Close Brothers Group PLC has released its trading update for the first quarter of its 2024 financial year, covering the period from 1 August 2023 to 31 October 2023. The update highlights continued momentum in the Banking division, with loan book growth, strong margins, and stable credit performance. However, the market-facing businesses were impacted by unfavorable market conditions.

In the Banking division, the loan book increased by 3.0% in the quarter and 7.5% year-on-year to £9.8 billion. This growth was driven by good demand in the Commercial sector, strong new business volumes in Leasing and Invoice Finance, and growth in the UK Motor Finance and Premium Finance businesses. The Property loan book also continued to grow. The acquisition of Bluestone Motor Finance (Ireland) DAC was completed on 31 October 2023, providing a platform for Close Brothers to re-establish its Motor Finance business in Ireland.

The annualized year-to-date net interest margin remained strong at 7.6%, reflecting the company's focus on maintaining pricing discipline in a higher interest rate environment. Close Brothers continued to invest in strategic programs and make progress with cost management initiatives. The company expects growth in Banking costs for the full year 2024 to be within the 8-10% range.

Close Brothers Asset Management (CBAM) delivered strong year-to-date annualized net inflows of 10%, with the new bespoke investment managers contributing significantly. However, managed assets decreased slightly to £16.2 billion, primarily due to unfavorable market movements. Winterflood's performance was adversely impacted by weakening investor appetite and market uncertainty, resulting in an operating loss of £2.5 million in the first quarter.

The Group's net expenses for the quarter were £9.5 million, primarily driven by net interest expenses from debt issued by the holding company. Close Brothers maintained a strong balance sheet and prudent management of financial resources. The funding base increased to £12.7 billion, and the retail deposit base grew by 5% to £4.4 billion. The Common Equity Tier 1 (CET1) capital and Total Capital ratios were 12.7% and 14.7%, respectively, at 31 October 2023.

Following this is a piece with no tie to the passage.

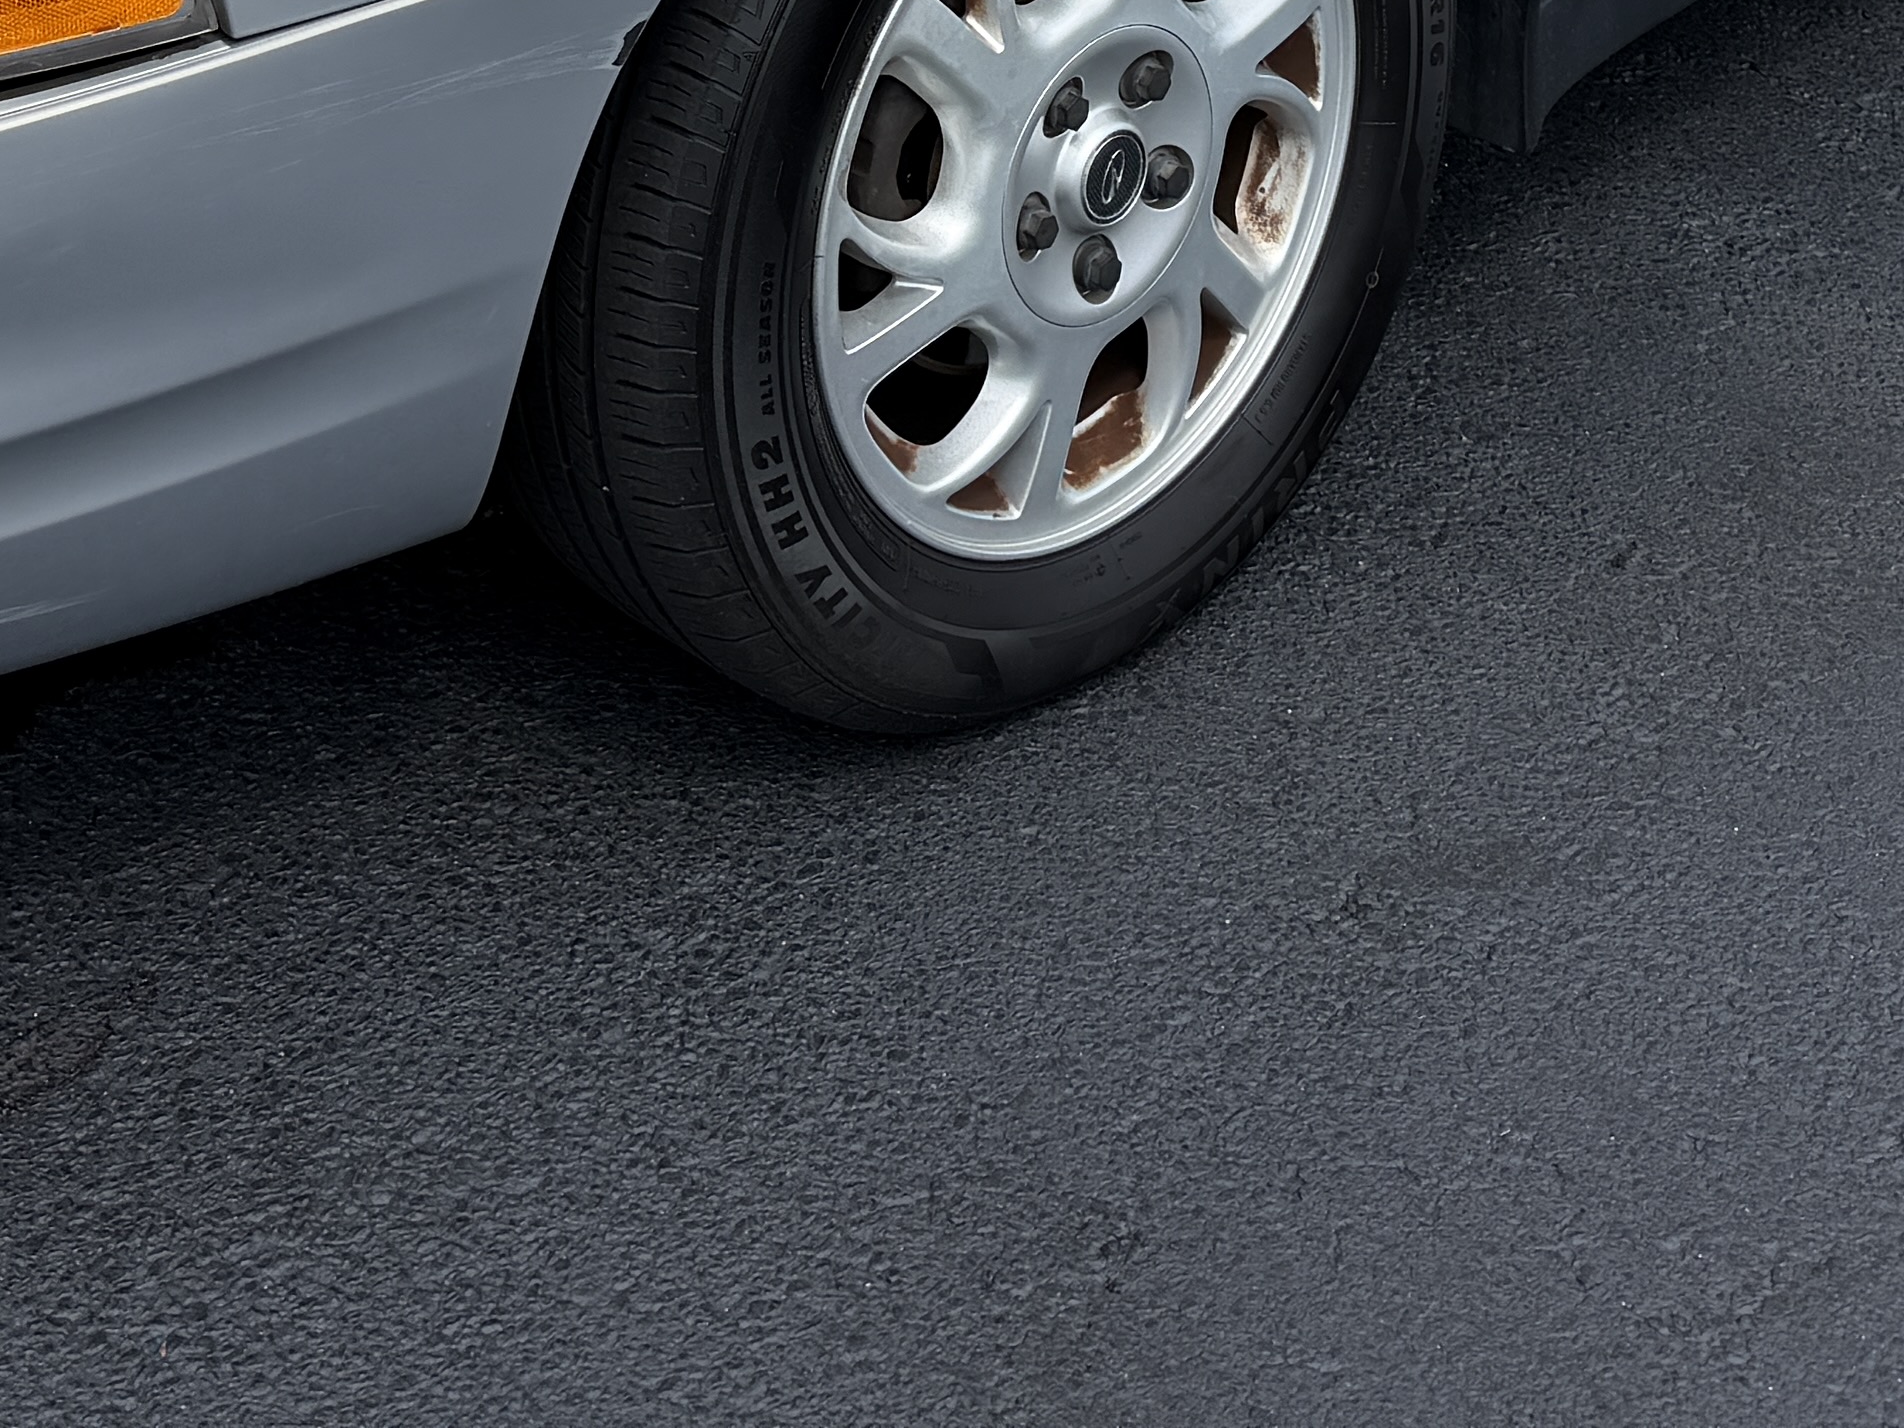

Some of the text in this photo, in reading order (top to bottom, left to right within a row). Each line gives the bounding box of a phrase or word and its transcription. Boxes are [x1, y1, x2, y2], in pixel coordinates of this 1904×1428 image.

[757, 260, 779, 366] SEASON
[756, 369, 778, 417] ALL
[750, 435, 811, 551] HH2
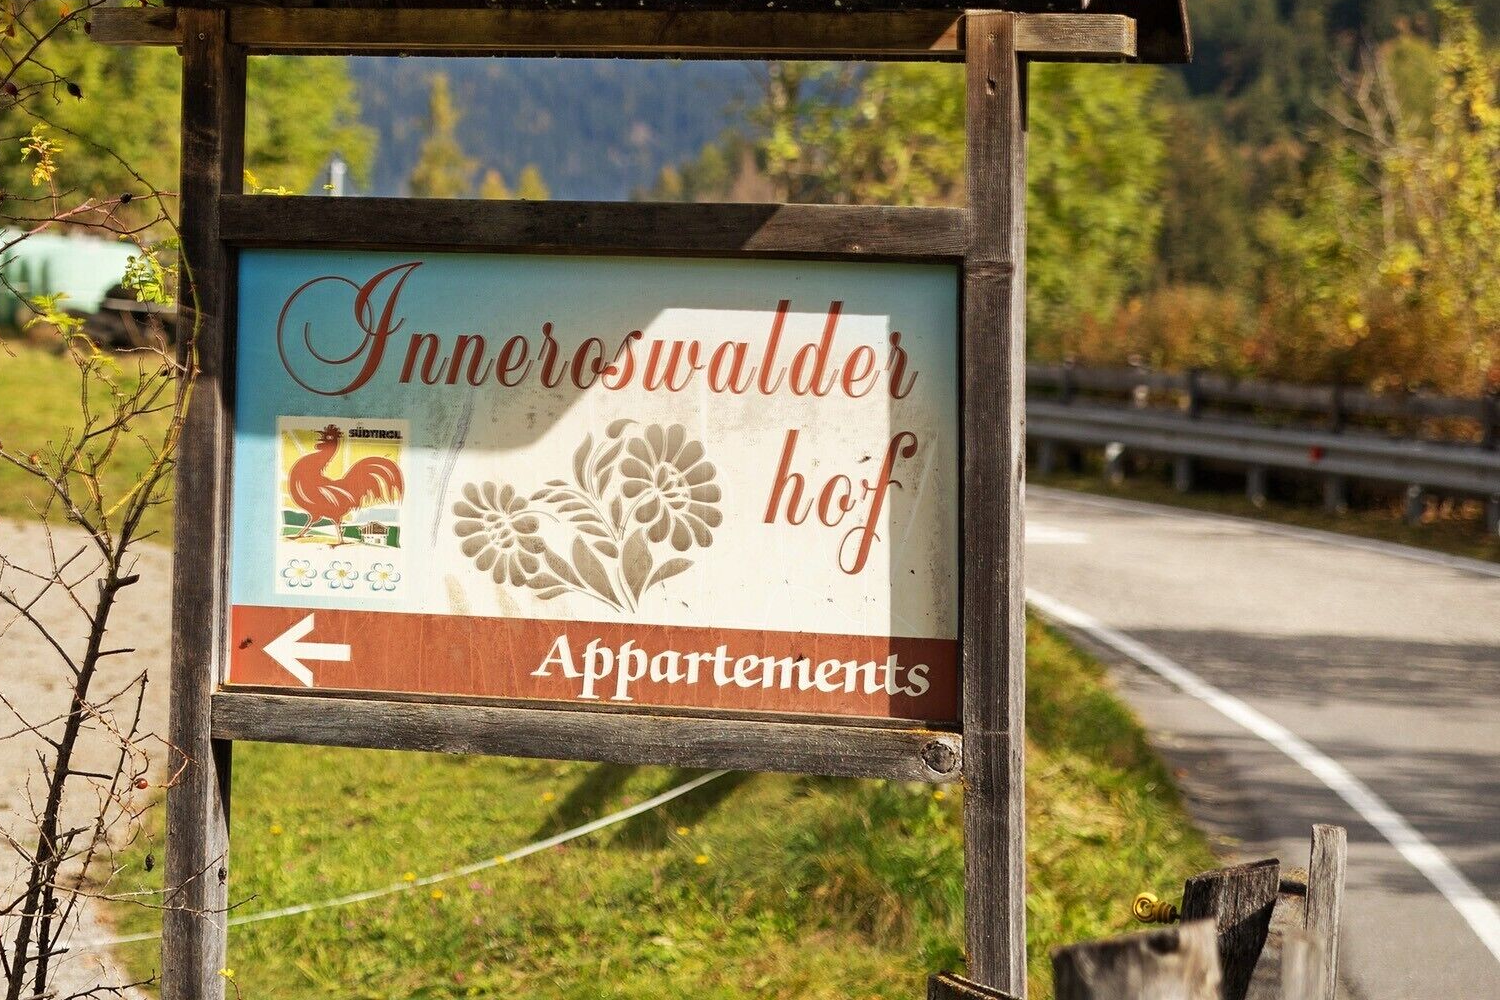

Looking ahead, Close Brothers expects its Banking business to sustain its growth momentum and remain well positioned to take advantage of opportunities in the current environment. CBAM will continue to drive growth organically through high-quality hiring and in-fill acquisitions. Winterflood will focus on navigating market uncertainty. The company remains committed to optimizing its capital structure and targeting a CET1 capital ratio range of 12% to 13% over the medium term.